In December 1913, Lingner married Lisa Arsand (1882–1951), the daughter of a Weißenfels shoe manufacturer. Together they traveled to Paris, London, Bruges, Brussels and Amsterdam. In March 1914, Lingner finished his studies at the Dresden Art Academy and only a few months later was called up for military service. Little is known about his time as a soldier in World War I. He was stationed in the infantry and with the naval air forces and, according to his own statement, took part in the sailor uprising in Kiel in November 1918. After demobilization, Max and Lisa Lingner settled at the Baltic Sea in early 1919, where Lisa had bought a house in Born on the Darß. Lingner tried to combine his artistic work with the life of a farmer, but did not succeed. The couple therefore decided, in the spring of 1922, to give up the farm and move to Weißenfels. Here Lingner accepted commissions, painted portraits and genre paintings. Due to their proximity to the Leunawerke, he also dealt with the social problems of the time. In 1927 he created the lithograph series Arbeiterliebe (Workers' Love), which Lingner sent to Käthe Kollwitz, receiving her praise and encouragement to move to Paris.
At the beginning of 1929, Lisa and Max Lingner set off for Paris, where they first lived in the artists' quarter of Montparnasse and then rented an apartment with a studio on the Bois de Boulogne. Through the communist writer Henri Barbusse, Lingner came into contact with the left-wing intellectual circle around the weekly newspaper MONDE. Barbusse published the lithograph Arbeiterliebe on the cover of MONDE on September 27, 1930. In the following years, Lingner designed not only more than 30 title pages, but also interior pages and was responsible for the weekly newspaper's makeover.
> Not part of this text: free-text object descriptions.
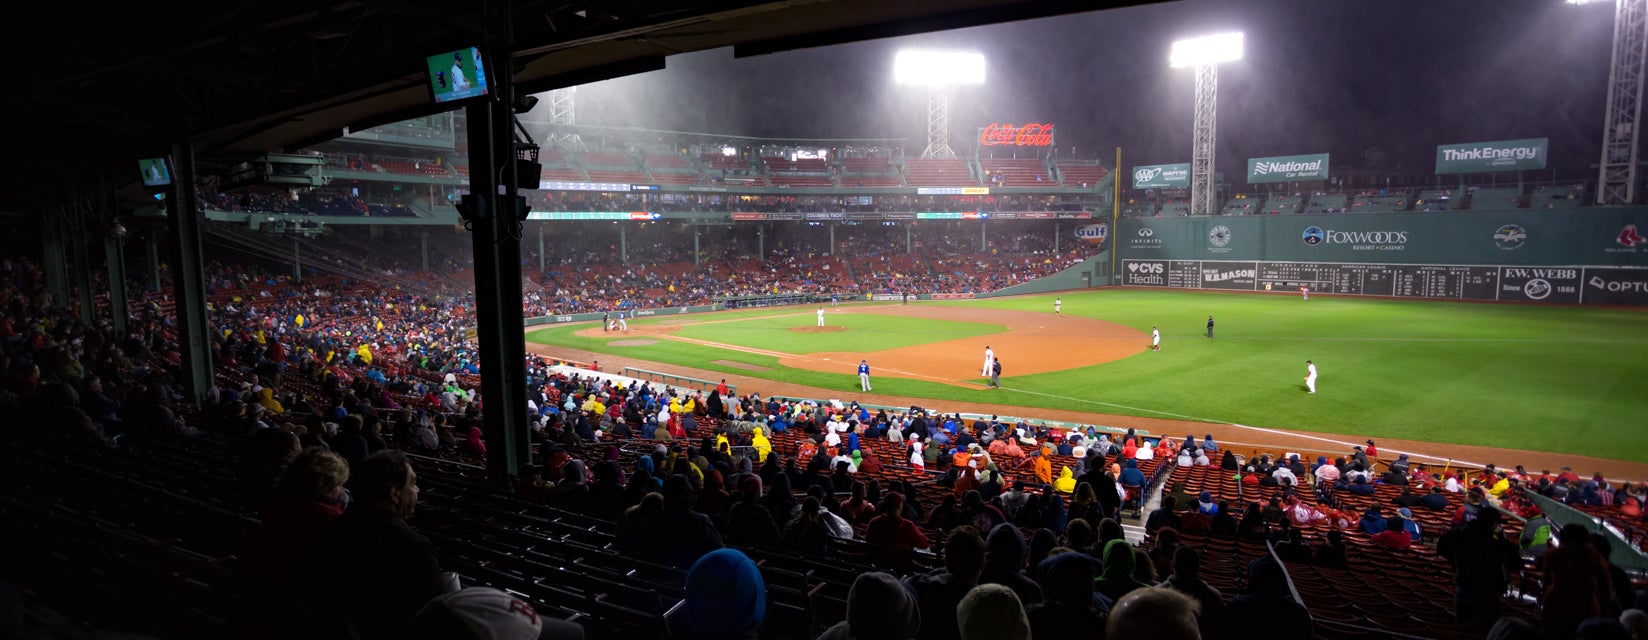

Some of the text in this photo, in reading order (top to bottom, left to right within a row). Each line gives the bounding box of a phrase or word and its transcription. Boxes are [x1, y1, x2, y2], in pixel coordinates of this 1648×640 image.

[1268, 159, 1321, 173] National
[1076, 227, 1106, 236] Gulf
[1326, 230, 1407, 243] FOXWOODS
[1139, 263, 1164, 273] CVS
[1129, 273, 1164, 285] Health
[1533, 269, 1577, 279] WEBB
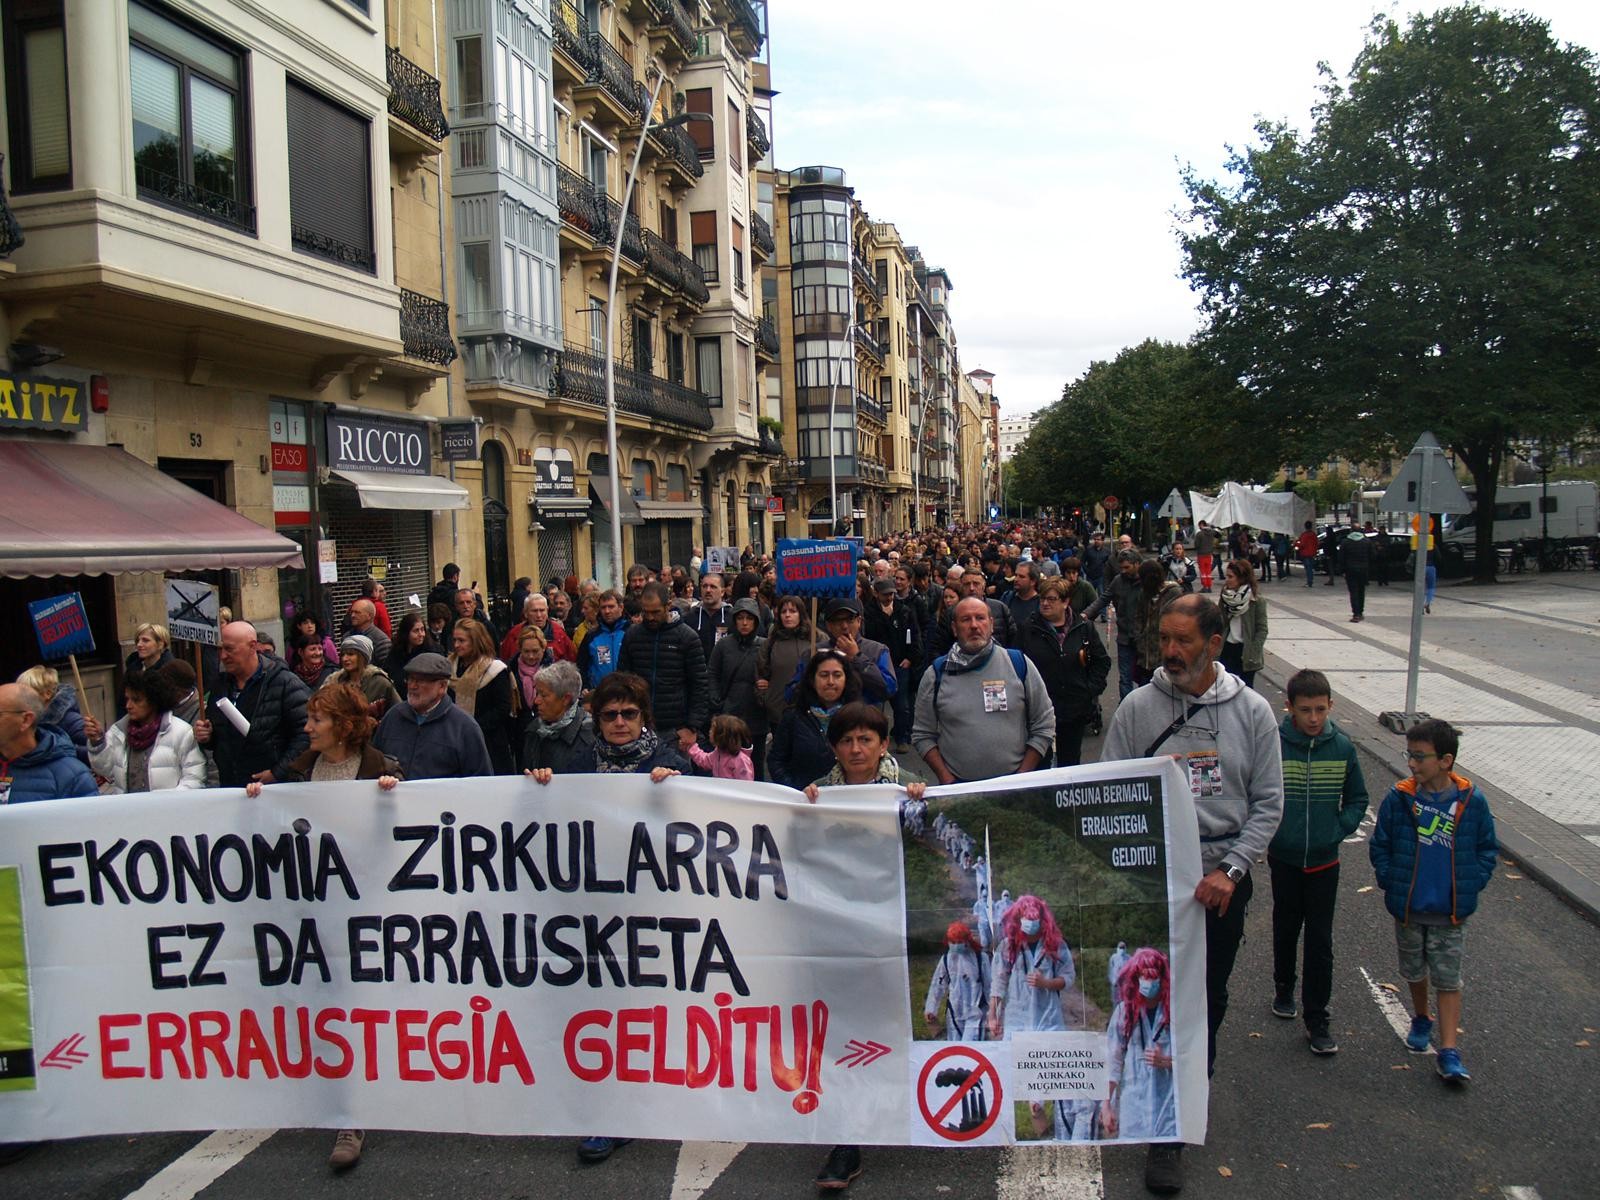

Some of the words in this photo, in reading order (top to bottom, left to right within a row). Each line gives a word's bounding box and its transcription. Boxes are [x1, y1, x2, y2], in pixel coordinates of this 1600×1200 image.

[190, 432, 202, 448] 53
[337, 425, 422, 467] RICCIO
[444, 435, 473, 448] riccio
[274, 448, 302, 466] EASO
[781, 547, 814, 557] osasuna
[815, 543, 849, 553] bermatu
[1055, 786, 1102, 808] OSASUNA
[1103, 782, 1152, 805] BERMATU,
[1081, 814, 1148, 836] ERRAUSTEGIA
[1112, 846, 1157, 867] GELDITU!
[147, 921, 227, 989] EZ
[253, 918, 331, 986] DA
[348, 910, 751, 996] ERRAUSKETA
[1028, 1050, 1093, 1058] GIPUZKOAKO
[1017, 1061, 1105, 1069] ERRAUSTEGIAREN
[1037, 1071, 1085, 1079] AURKAKO
[1028, 1082, 1095, 1090] MUGIMENDUA
In 1936, he became an employee of the daily newspaper l'Humanité and was thus "sentenced" to daily drawing. His signature ling developed into a trademark.
Lingner is also able to hold his own as a painter in Paris: in 1933 and 1939 he was given solo exhibitions at the Galerie Billiet run by Pierre Vorms. He also participated in large group exhibitions and the Jeu de Paume Museum and the French state each bought a painting. Lingner became a member of the French Communist Party and a founding member of the Deutscher Künstlerbund in Paris.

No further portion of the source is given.